Lead Data Scientist Says Her Job Is Never Boring!
- ashleymo5779
- 2 days ago
- 3 min read
Name: Maia Frieser (she/her)
PhD: Behavioral Genetics, University of Colorado - Boulder, 2020
What was your main area of research?
I studied the relationship between adolescent cannabis use and later educational attainment. I compared the educational, financial, and family-formation outcomes of those who had been heavy cannabis users in adolescence but ceased in adulthood to those who had never used cannabis heavily, and those who began heavy use as teenagers and continued using into adulthood. I also studied a high-risk population who were in juvenile detention or jail as adolescents to see if similar patterns of later-life success held.
I used an identical twin sample to begin understanding causal relationships between cannabis use and education.
What is your current job?
I am a Lead Data Scientist at Lumen Technologies Inc. in Arvada, Colorado (Denver area).
I lead a data science team at a telecommunications company in our Product organization. I am responsible for leading multiple large-scale projects utilizing real-time network health and telemetrics. I also work with vendor teams to review code, manage production deployments and enhancements, and to provide guidance around our in-house predictive models.
What is your favorite thing about your job?
I love getting to explore large data for predictive insights. It's a great mix of experimentation and application, and I have to move quickly. It's never boring!
What is the most important skill you developed or experience you had during your PhD that now helps you in your current position?
Explaining technical or niche concepts to those without a similar experience is something I do every day.
How did you build the skills necessary for your current role?
I took courses in R and statistics which I use daily.
Teaching was also particularly helpful because it helped me learn to communicate clearly and effectively with people who don't have the same areas of expertise or understanding.
How did you find this position? What were the career steps you took to get to where you are now?
PhD graduate ➡️ HR analyst (large healthcare company) ➡️ Senior HR analyst (large healthcare company) ➡️ Data Scientist (small healthcare startup) ➡️ Lead Data Scientist (Current)
If someone is interested in a similar role, what would you recommend they start doing now to prepare?
Brush up on LLMs and practice working with AI/ML in a cloud computing (GCP, Azure, AWS) environment. Understand the practical and ethical implications of AI, and be able to comfortably explain stats or AI/ML concepts to those with no background in it.

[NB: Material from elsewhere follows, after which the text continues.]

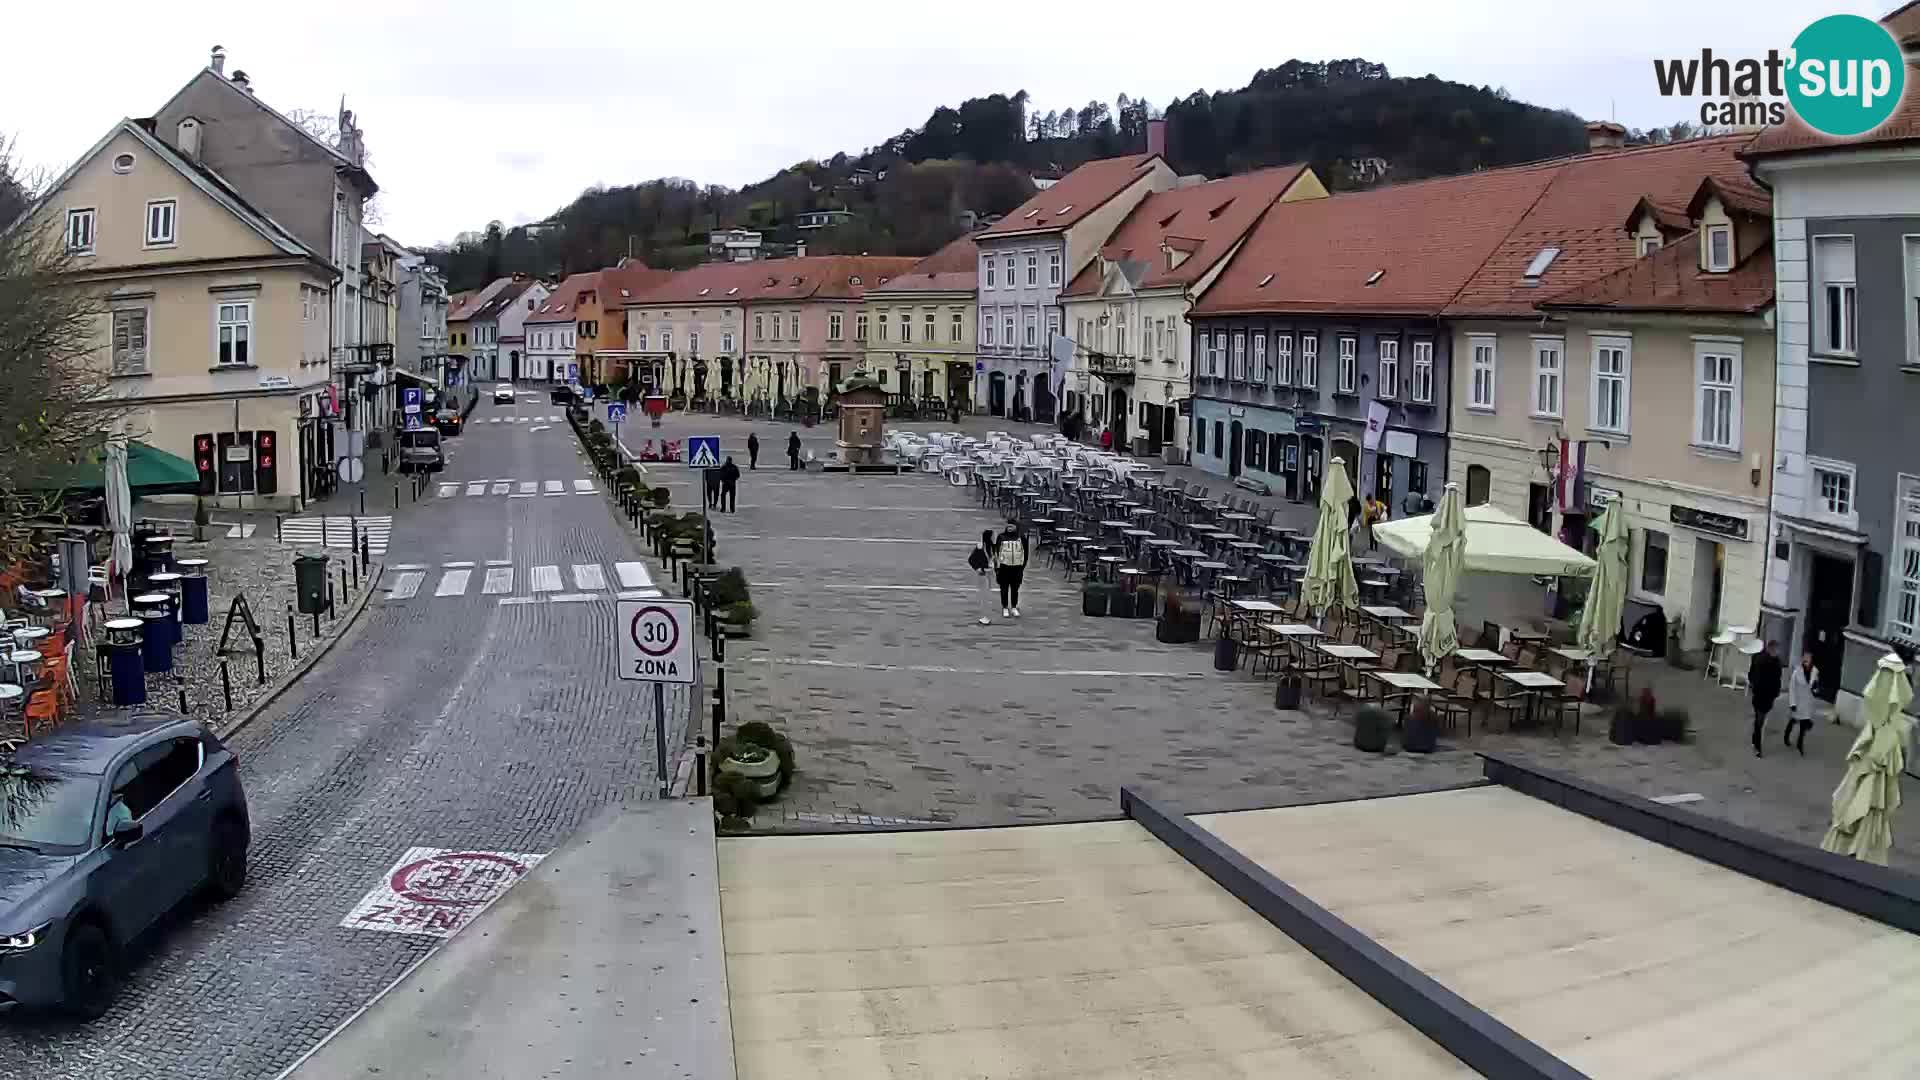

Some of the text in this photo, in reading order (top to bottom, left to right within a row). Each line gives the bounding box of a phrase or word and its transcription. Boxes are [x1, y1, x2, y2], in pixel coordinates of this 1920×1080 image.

[408, 391, 417, 402] P
[643, 621, 668, 643] 30
[634, 659, 678, 676] ZONA

Why did you decide to not pursue a career in academia?
It came easily. I saw the struggles for funding and the location-bound nature of academia and realized that I don't necessarily need to be the person asking the question, but I'm happy to be the person answering it.
I wanted the unique combination of structure and freedom that an industry role has given me, with prescribed hours, work/life balance, and the ability to be located wherever works best for myself and my family.
I wanted the flexibility to work quickly on multiple projects instead of focusing on one area long-term.
What advice do you have for someone getting their PhD and looking to pursue a career outside of academia?
If you have no previous corporate experience, even with a PhD, you will be an "inexperienced hire". Companies may be more wary of offering very high level roles off the bat to an inexperienced new graduate. Be willing to work your way up and know that the titles in data science/analytics are very flexible, and the role description may be very different from the title.
And don't hesitate to reach out and network!
Are there any components of your identity you would like to share, including how they have impacted your journey?
This isn't about identity, but I was my department's first ever Zoom defense during Covid lockdown (3/31/2020). Everywhere I had interviewed was in a hiring freeze, and I took what I could get in terms of a job, which is why I ended up in a more entry level role at the beginning of my post-PhD career. In a different world my experience may have been much different!